| Task directions |
Retype each entry verbatim. Do not include the images.

| Information given |
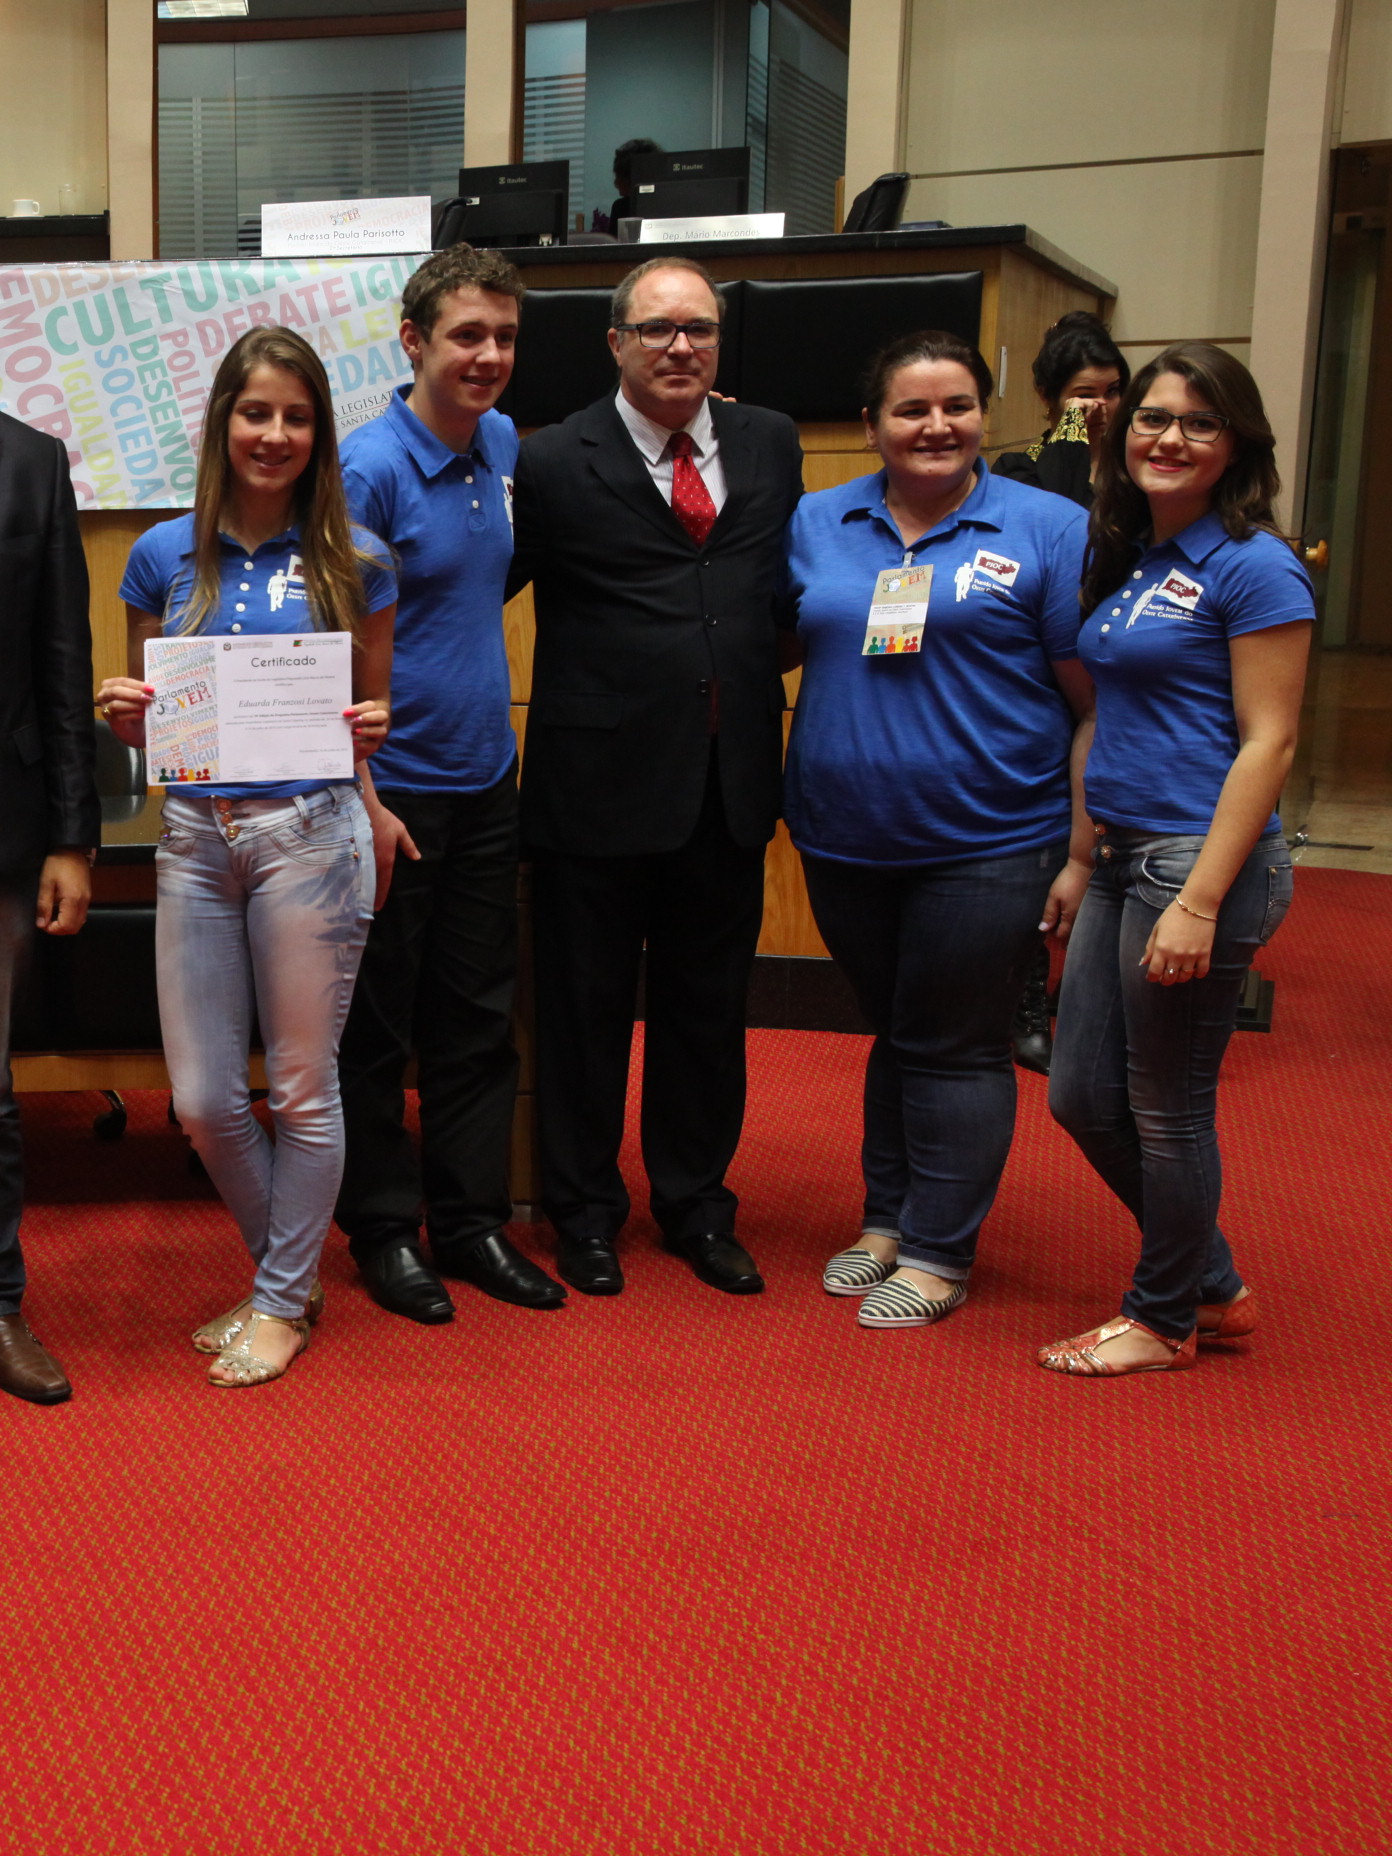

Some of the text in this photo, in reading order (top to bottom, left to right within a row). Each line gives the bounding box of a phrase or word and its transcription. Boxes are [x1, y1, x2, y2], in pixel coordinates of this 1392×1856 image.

[287, 228, 405, 242] Andressa Paula Parisotto
[662, 232, 682, 243] Dep.
[712, 227, 761, 239] Marcondes
[349, 255, 434, 308] IGU
[44, 258, 302, 357] CULTURA
[195, 275, 353, 358] DEBATE
[340, 414, 371, 428] SANTA
[985, 560, 1004, 571] PJOC
[250, 655, 317, 668] Certificado
[152, 680, 207, 704] Parlamento
[238, 699, 271, 708] Eduarda
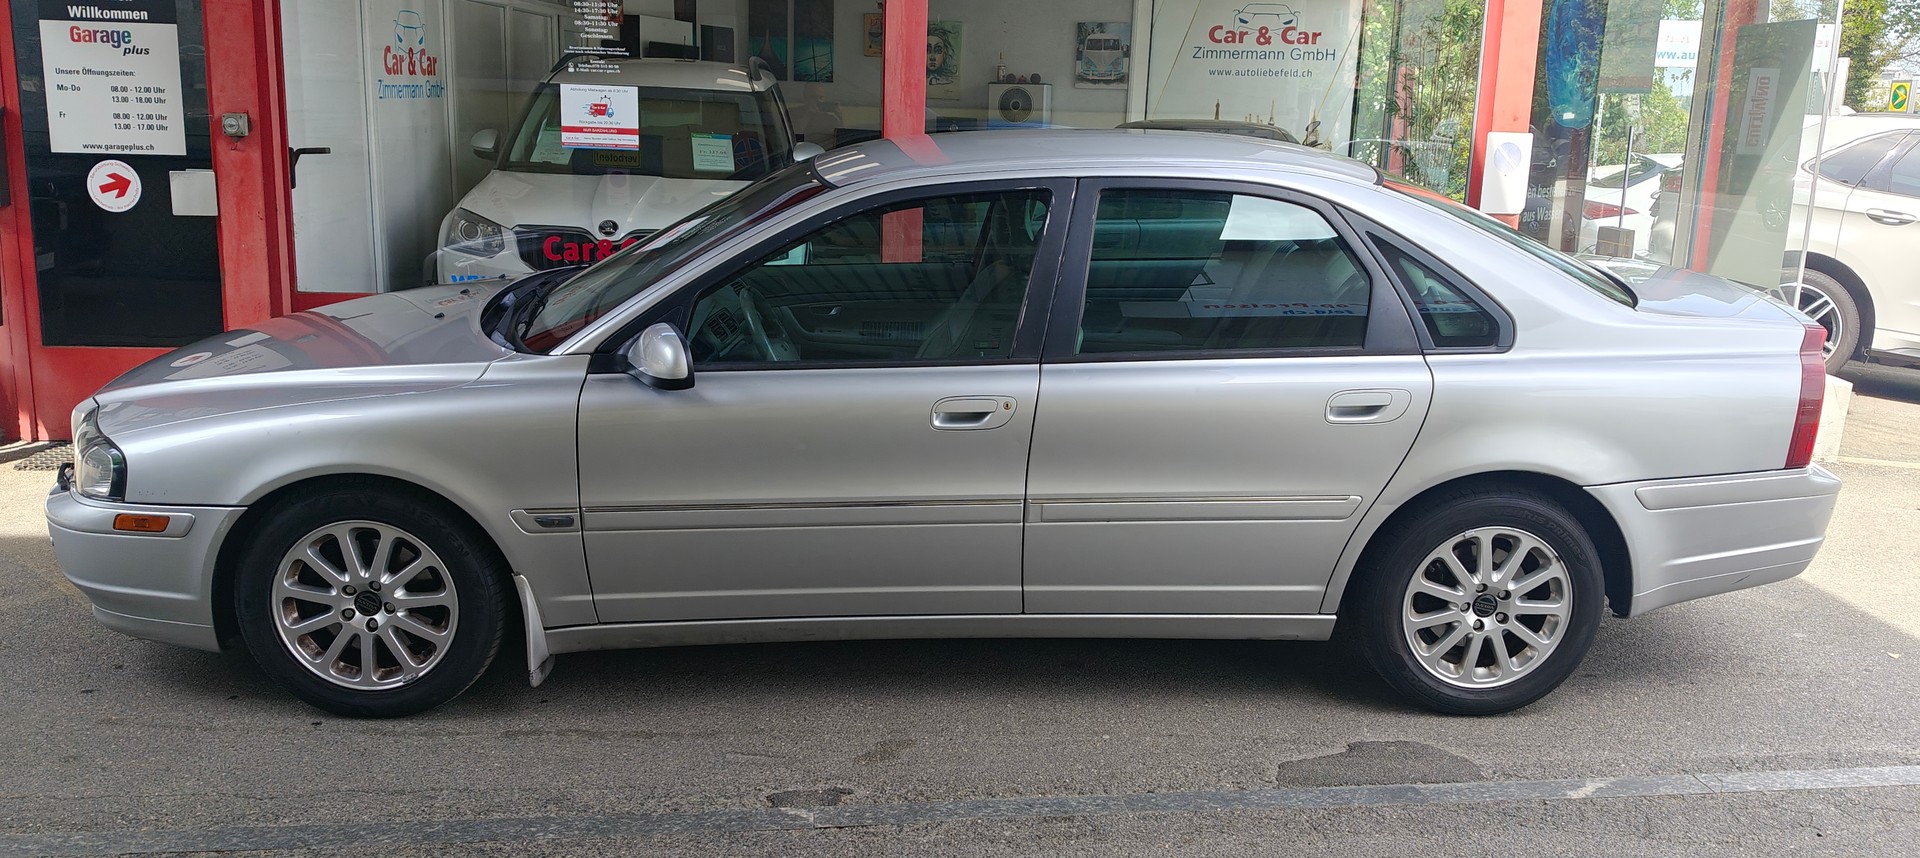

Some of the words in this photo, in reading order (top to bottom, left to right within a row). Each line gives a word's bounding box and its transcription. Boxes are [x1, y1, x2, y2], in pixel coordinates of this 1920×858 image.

[67, 5, 148, 20] Willkommen
[69, 25, 132, 48] Garage
[1208, 25, 1248, 44] Car
[1255, 26, 1272, 46] &
[1280, 26, 1322, 45] Car
[123, 45, 150, 56] plus
[1192, 46, 1285, 61] Zimmermann
[1290, 48, 1336, 61] GmbH
[384, 45, 405, 76] Car
[407, 46, 417, 76] &
[419, 48, 438, 76] Car
[55, 67, 81, 76] Unsere
[82, 66, 136, 77] Öffnungszeiten:
[1208, 68, 1313, 78] www.autoliebefeld.ch
[56, 84, 81, 92] Mo-Do
[110, 85, 128, 93] 08.00
[134, 86, 152, 94] 12.00
[153, 86, 166, 94] Uhr
[377, 79, 424, 99] Zimmermann
[425, 80, 446, 99] GmbH
[136, 113, 154, 121] 12.00
[155, 113, 168, 121] Uhr
[82, 143, 155, 152] www.garageplus.ch
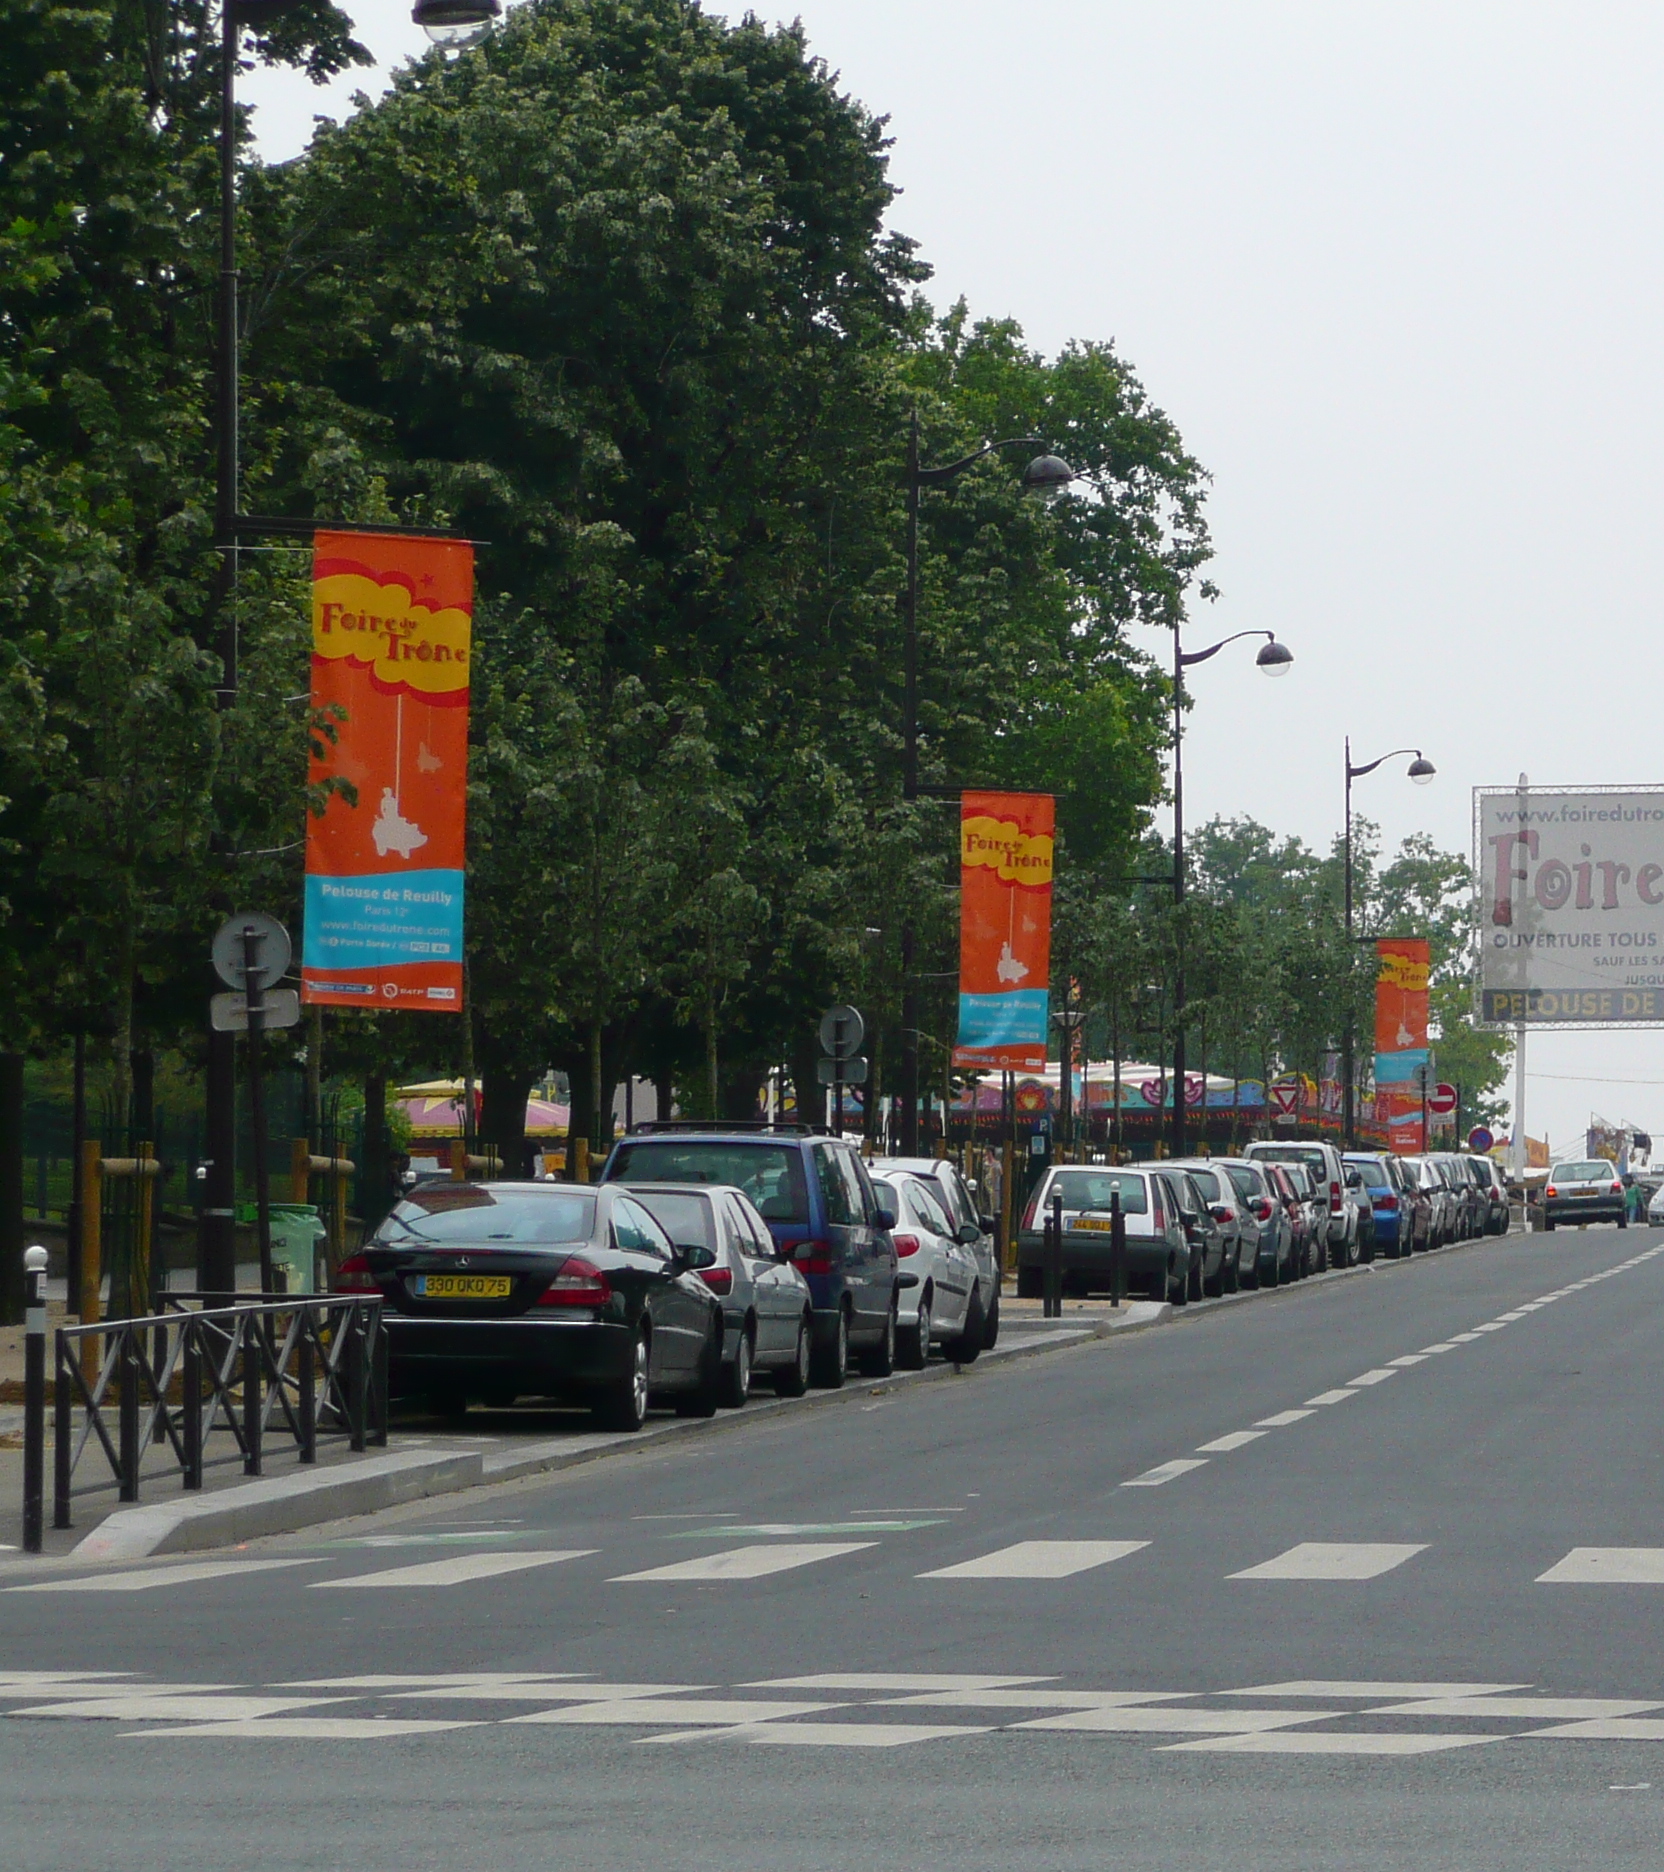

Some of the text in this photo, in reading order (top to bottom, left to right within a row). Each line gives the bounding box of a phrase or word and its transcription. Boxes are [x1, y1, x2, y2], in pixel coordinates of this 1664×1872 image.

[320, 603, 418, 634] Foire du
[379, 629, 467, 662] Trône
[1487, 829, 1664, 927] Foire
[322, 884, 452, 906] Pelouse de Reuilly
[1493, 931, 1601, 948] OUVERTURE
[1608, 932, 1657, 947] TOUS
[1593, 955, 1625, 967] SAUF
[1629, 955, 1648, 966] LES
[1492, 991, 1613, 1017] PELOUSE
[1622, 991, 1655, 1016] DE
[426, 1278, 454, 1291] 330
[487, 1279, 507, 1293] 75

| Answer to this exercise |
Some of the text in this photo, in reading order (top to bottom, left to right within a row). Each line gives the bounding box of a phrase or word and its transcription. Boxes are [x1, y1, x2, y2], in pixel coordinates of this 1392×1856 image.

[287, 228, 405, 242] Andressa Paula Parisotto
[662, 232, 682, 243] Dep.
[712, 227, 761, 239] Marcondes
[349, 255, 434, 308] IGU
[44, 258, 302, 357] CULTURA
[195, 275, 353, 358] DEBATE
[340, 414, 371, 428] SANTA
[985, 560, 1004, 571] PJOC
[250, 655, 317, 668] Certificado
[152, 680, 207, 704] Parlamento
[238, 699, 271, 708] Eduarda

Some of the words in this photo, in reading order (top to bottom, left to right within a row). Each line gives a word's bounding box and its transcription. Boxes are [x1, y1, x2, y2], in pixel coordinates of this 1920×858 image.

[67, 5, 148, 20] Willkommen
[69, 25, 132, 48] Garage
[1208, 25, 1248, 44] Car
[1255, 26, 1272, 46] &
[1280, 26, 1322, 45] Car
[123, 45, 150, 56] plus
[1192, 46, 1285, 61] Zimmermann
[1290, 48, 1336, 61] GmbH
[384, 45, 405, 76] Car
[407, 46, 417, 76] &
[419, 48, 438, 76] Car
[55, 67, 81, 76] Unsere
[82, 66, 136, 77] Öffnungszeiten:
[1208, 68, 1313, 78] www.autoliebefeld.ch
[56, 84, 81, 92] Mo-Do
[110, 85, 128, 93] 08.00
[134, 86, 152, 94] 12.00
[153, 86, 166, 94] Uhr
[377, 79, 424, 99] Zimmermann
[425, 80, 446, 99] GmbH
[136, 113, 154, 121] 12.00
[155, 113, 168, 121] Uhr
[82, 143, 155, 152] www.garageplus.ch

Some of the text in this photo, in reading order (top to bottom, left to right within a row). Each line gives the bounding box of a phrase or word and its transcription. Boxes are [x1, y1, x2, y2], in pixel coordinates of this 1664×1872 image.

[320, 603, 418, 634] Foire du
[379, 629, 467, 662] Trône
[1487, 829, 1664, 927] Foire
[322, 884, 452, 906] Pelouse de Reuilly
[1493, 931, 1601, 948] OUVERTURE
[1608, 932, 1657, 947] TOUS
[1593, 955, 1625, 967] SAUF
[1629, 955, 1648, 966] LES
[1492, 991, 1613, 1017] PELOUSE
[1622, 991, 1655, 1016] DE
[426, 1278, 454, 1291] 330
[487, 1279, 507, 1293] 75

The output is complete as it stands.